_PROBLEM REQUIREMENTS_
All of the data below should come back exactly as written, minus its images.

_GIVEN DATA_

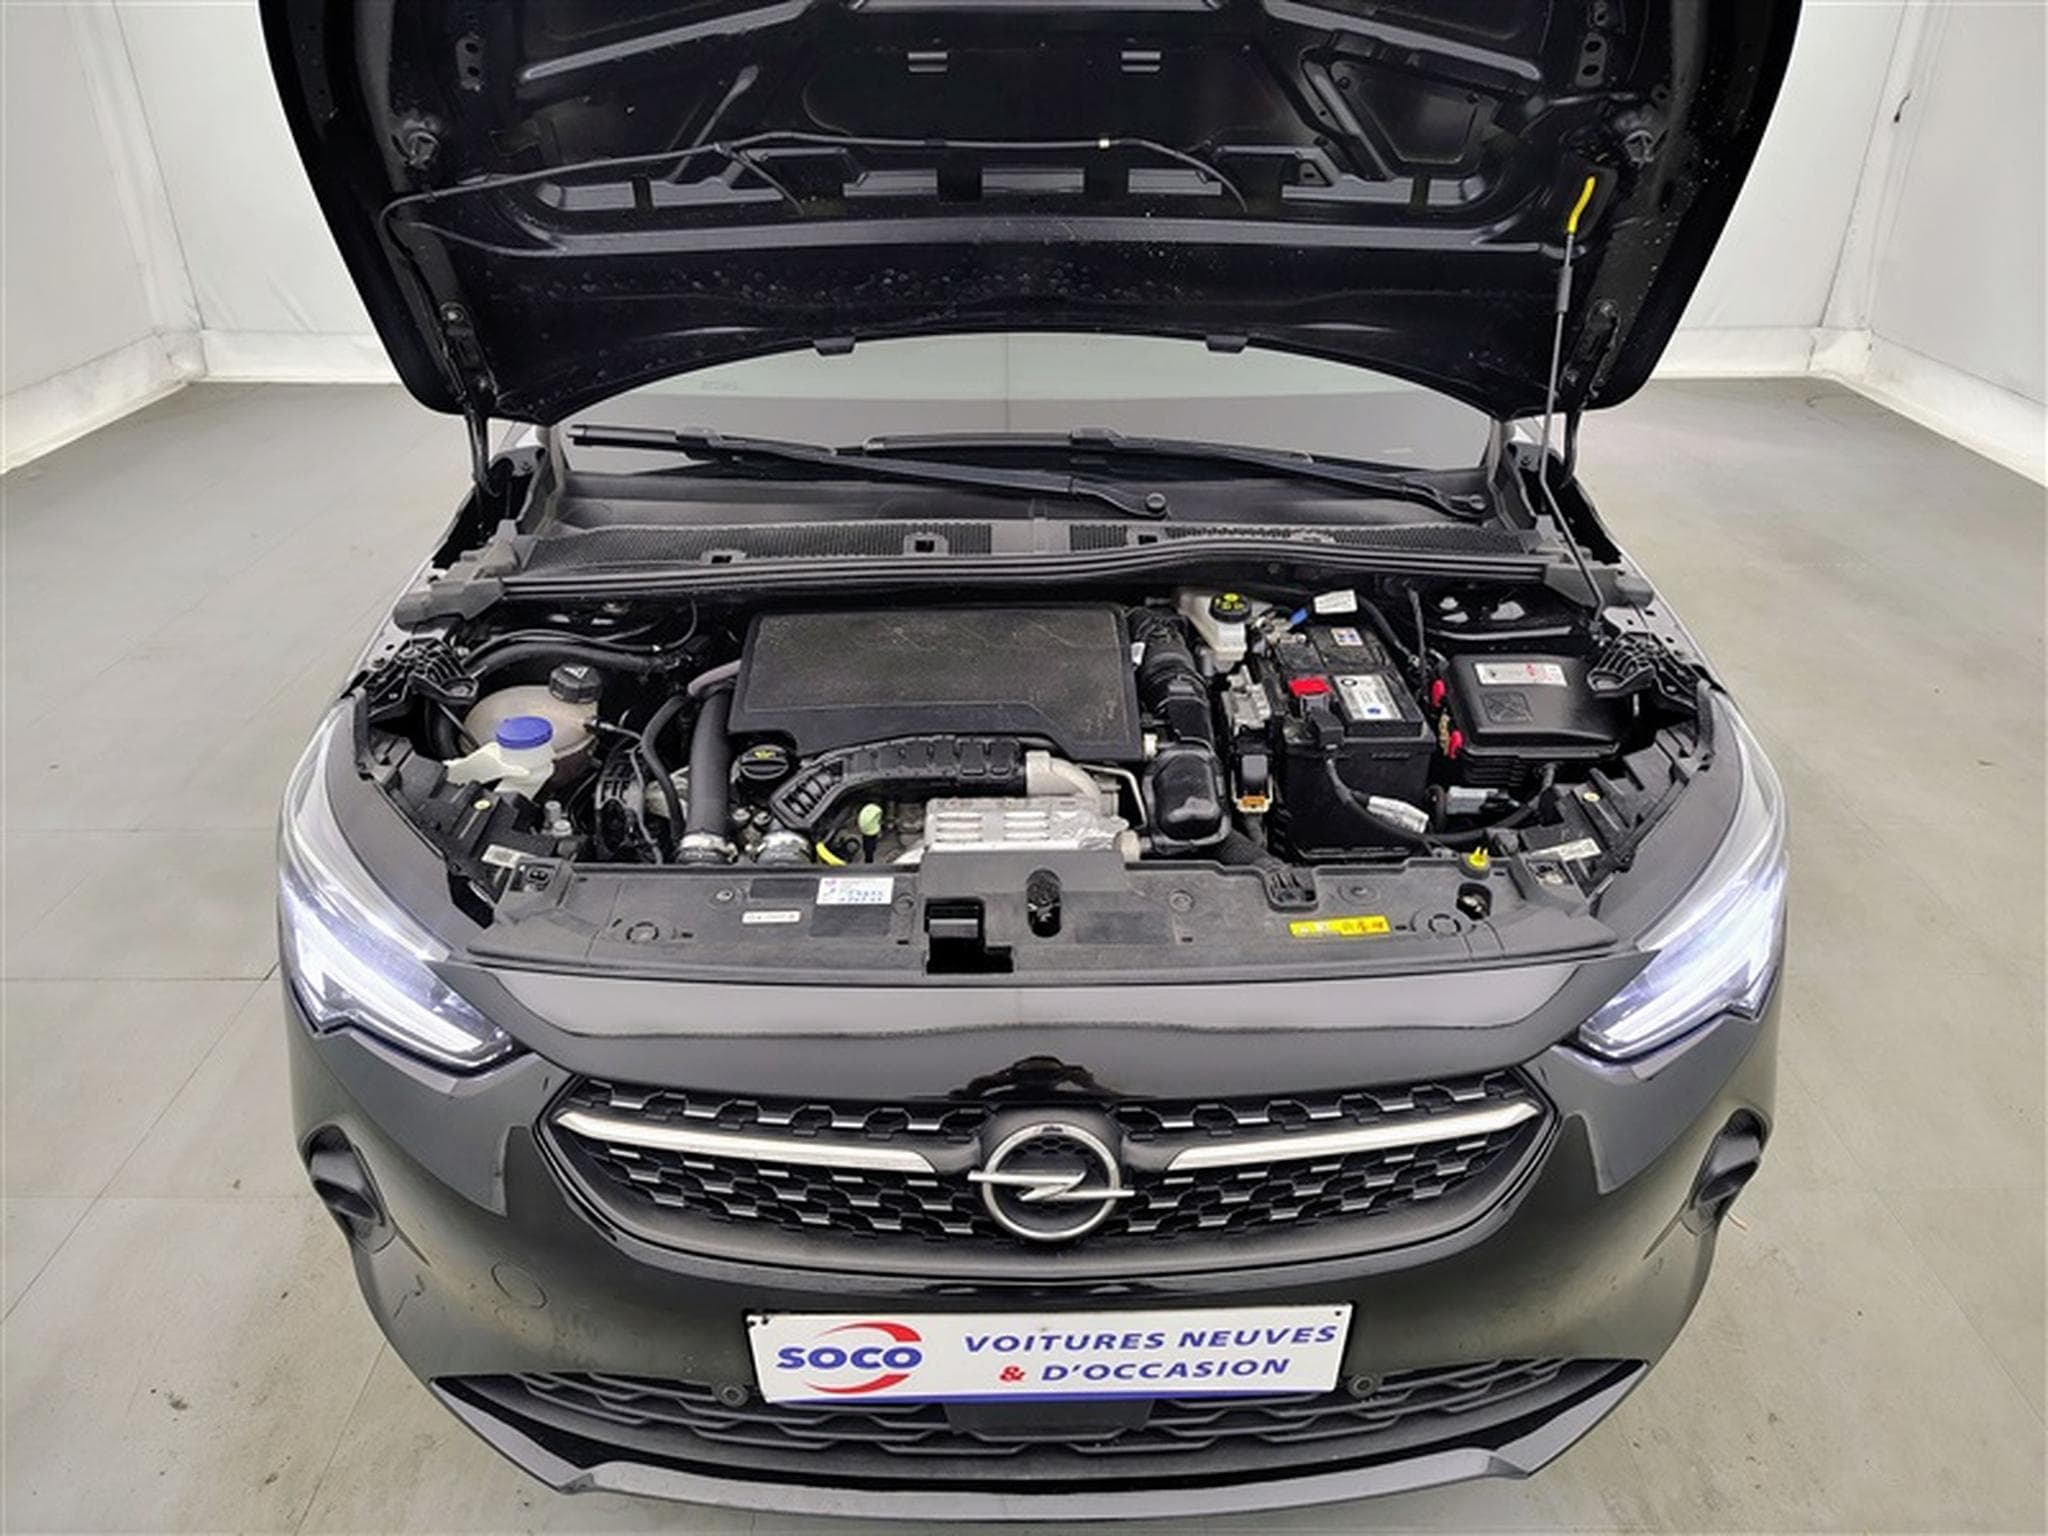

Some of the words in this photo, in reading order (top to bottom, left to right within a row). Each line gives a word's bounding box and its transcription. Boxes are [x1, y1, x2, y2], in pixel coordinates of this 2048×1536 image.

[964, 1333, 1164, 1353] VOITURES
[1179, 1325, 1337, 1348] NEUVES
[776, 1345, 923, 1370] SOCO
[999, 1365, 1025, 1383] &
[1041, 1359, 1290, 1381] D'OCCASION

_PROBLEM SOLUTION_
Some of the words in this photo, in reading order (top to bottom, left to right within a row). Each line gives a word's bounding box and its transcription. Boxes are [x1, y1, x2, y2], in pixel coordinates of this 2048×1536 image.

[964, 1333, 1164, 1353] VOITURES
[1179, 1325, 1337, 1348] NEUVES
[776, 1345, 923, 1370] SOCO
[999, 1365, 1025, 1383] &
[1041, 1359, 1290, 1381] D'OCCASION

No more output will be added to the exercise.